そんな古典の魅力を解説した『どん底から最高の人生に変わる「古典」の知恵』より一部抜粋、再編集してお届けする。〈全3回のうち3回目〉

精神の病を予防しない現代人

『ウォールデン 森の生活』を書いたヘンリー・デイヴィッド・ソロー。自ら森に入り、小屋を建て、自然人の暮らしをしたソローの本には、次のようなことが書かれている。

「私たちは精神のための滋養は等閑に付すが、肉体のための滋養や肉体的な病気には費用を惜しまない」

全く同感である。私たちは体にいいものを常に意識して食べるように努力する。私は最近、毎日1杯のキャロットジュースを欠かさず飲んでいる。病気になれば、その病気を治すものを食べる。喉風邪を引いたら生姜茶を飲み、下まぶたがピクピク痙攣したら「マグネシウムが多い食べ物」を検索して唐辛子の葉、ほうれん草、しいたけなどを食べる。

そこで考えてほしいのだが、私たちは精神的な病を予防するために、体の健康と同じほど、いやそれ以上に何かをしているだろうか。おそらく何もしていない。体よりも精神がつらい人のほうがずっと多いのに―。憂うつ症、パニック障害、人格障害、摂食障害といった精神疾患が現れると病院に行って治療を受け、薬を服用するけれど、予防しようとしないのだ。

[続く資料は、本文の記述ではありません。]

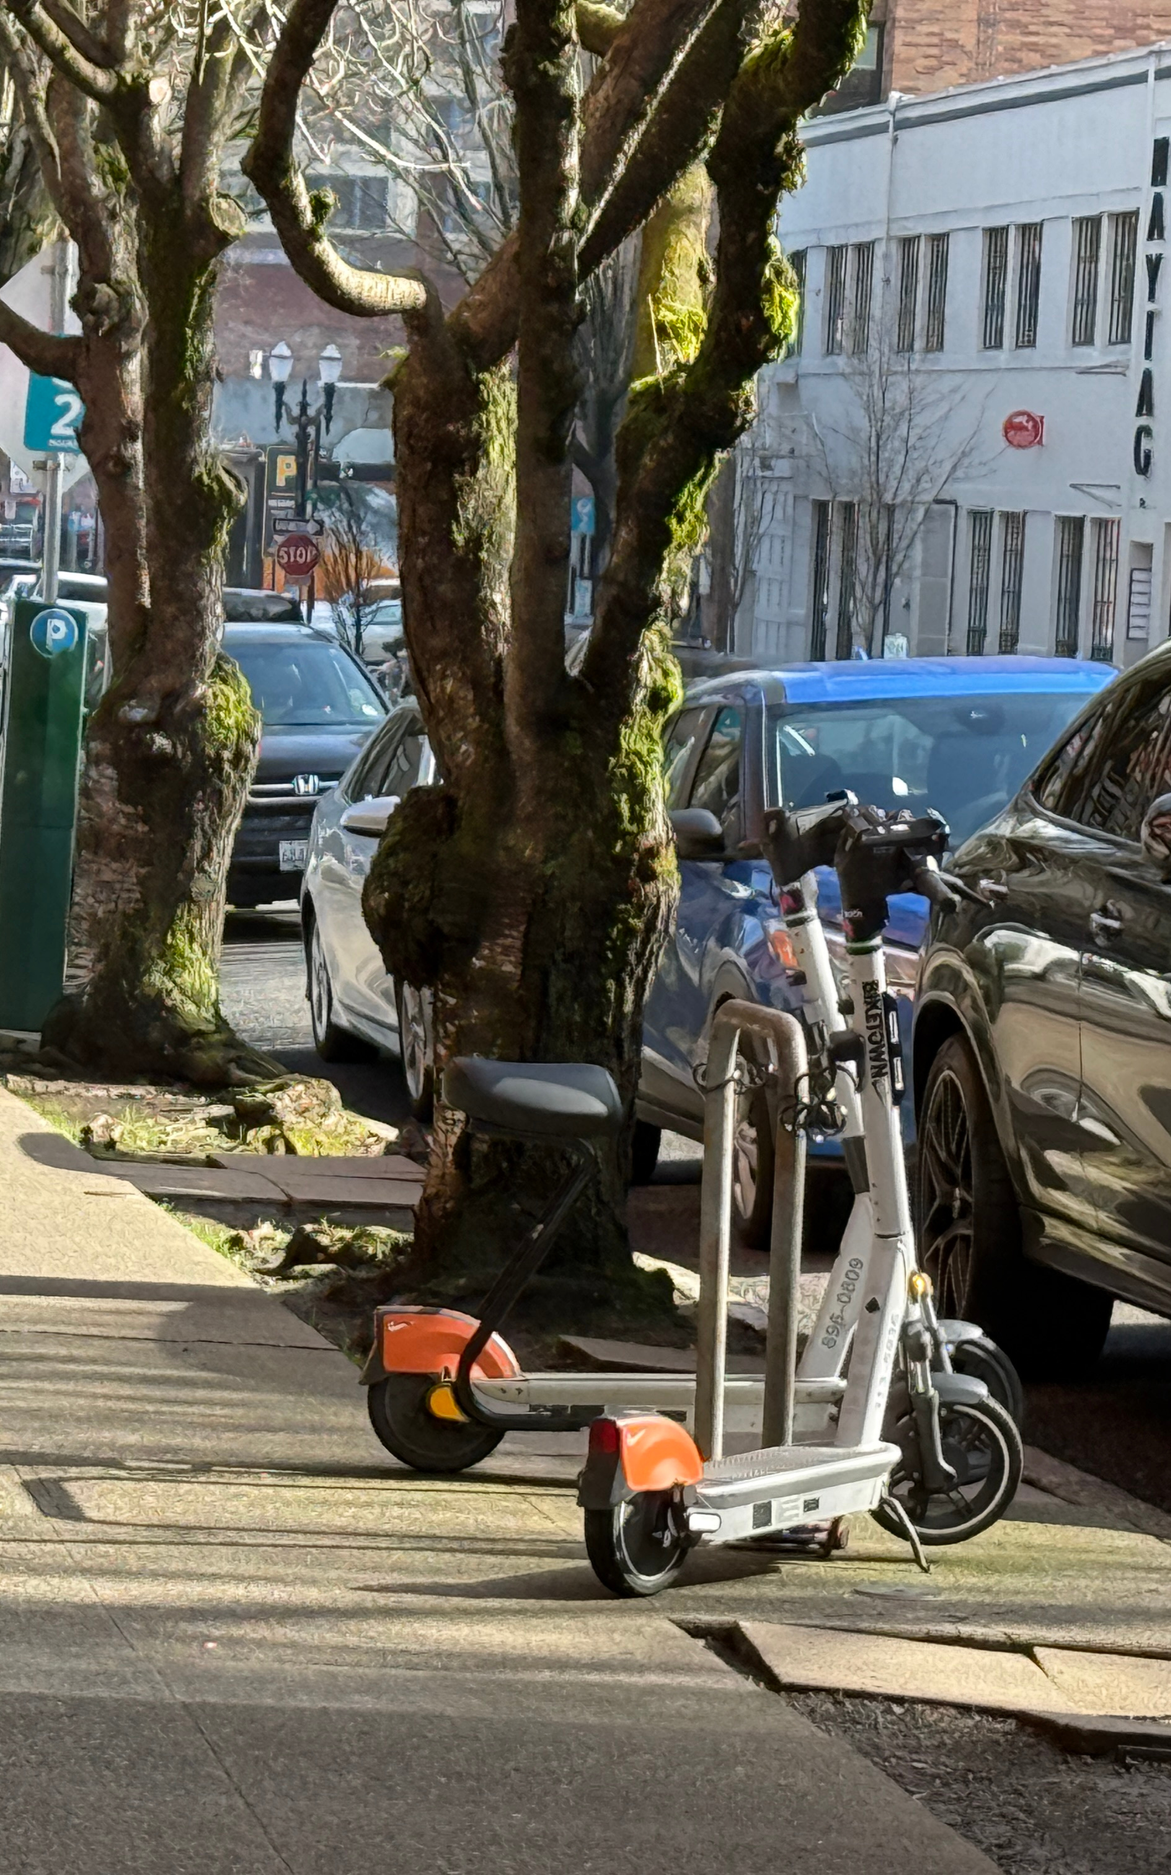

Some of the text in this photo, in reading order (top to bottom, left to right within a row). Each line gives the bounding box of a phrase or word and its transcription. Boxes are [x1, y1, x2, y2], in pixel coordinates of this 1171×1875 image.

でも、精神疾患を予防できる確かな方法は存在する。古典を読むことだ。

私たちは体にいい食べ物をどうやって知ったのだろうか? 先祖たちが実際に食べて、いいものはいい、悪いものは悪いと、数百、数千年かけて割り出した結果である。私たちが今精神的に苦痛を受けている数々の問題は、今日初めて起こったわけではない。人間の本質は変わることがないため、人間は昔も今も同じことで悩み、苦しむ。 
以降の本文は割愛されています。